A variety of experimental conditions have been described which can selectively depress various aspects of the normal immune response. Treatment with cytotoxic drugs or variations in the route of administration or physical state of the antigen can selectively depress one immunoglobulin class while allowing normal synthesis of other immunoglobulin classes. Injection of excessive or subimmunogenic doses of antigen, or injection of antigen in a nonimmunogenic form will specifically depress antibody body syntheis to that antigen. Depending upon the antigen dose and other factors discussed above such tolerance can be selectively induced in either the B- or the T-lymphocyte population. Finally, antibody is highly heterogeneous with respect to its affinity for the antigenic determinant. As a consequence of the selective pressure of decreasing antigen concentration there is generally a progressive shift towards the production of high affinity antibodies. Various experimental maneuvers can selectively depress specific subpopulations of antibody forming cells. B-cell tolerance preferentially occurs in high affinity antibody forming cells with a decrease in the average affinity of the residual antibody formed. Passively injected antibody specifically depresses antibody synthesis to concomitantly injected antigen. This antibody mediated immune suppression selectively depresses low affinity antibody synthesis. Thus, a variety of experimental procedures have been discussed which will modify the immune response in highly selected ways. It is clearly important in describing the immune response to specify not merely the amount of antibody formed, but also its class and subclass. In addition, to fully describe the immune response it is necessary to specify the affinity and heterogeneity of the antibody.

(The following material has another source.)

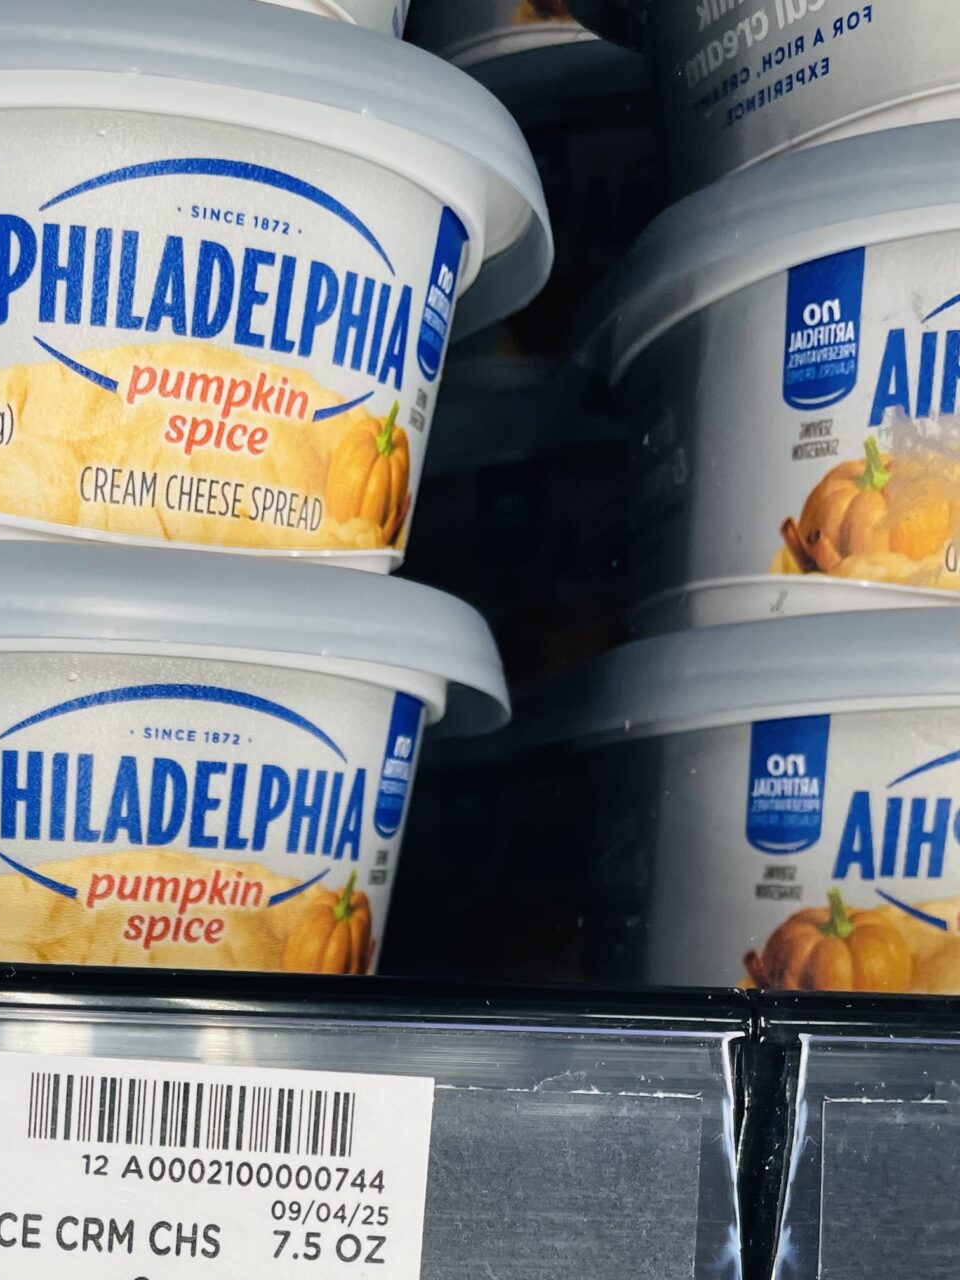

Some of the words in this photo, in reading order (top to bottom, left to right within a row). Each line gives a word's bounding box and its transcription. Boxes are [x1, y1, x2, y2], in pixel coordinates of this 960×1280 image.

As discussed above the factors controlling the affinity of serum antibody and the mechanism of antibody mediated immune suppression are reasonably well understood. Much data are available regarding factors determining tolerance induction, however, the detailed cellular mechanisms involved remain obscure. With regard to the mechanisms determining which immunoglobulin classes are formed, and in what proportion, relatively little information is available.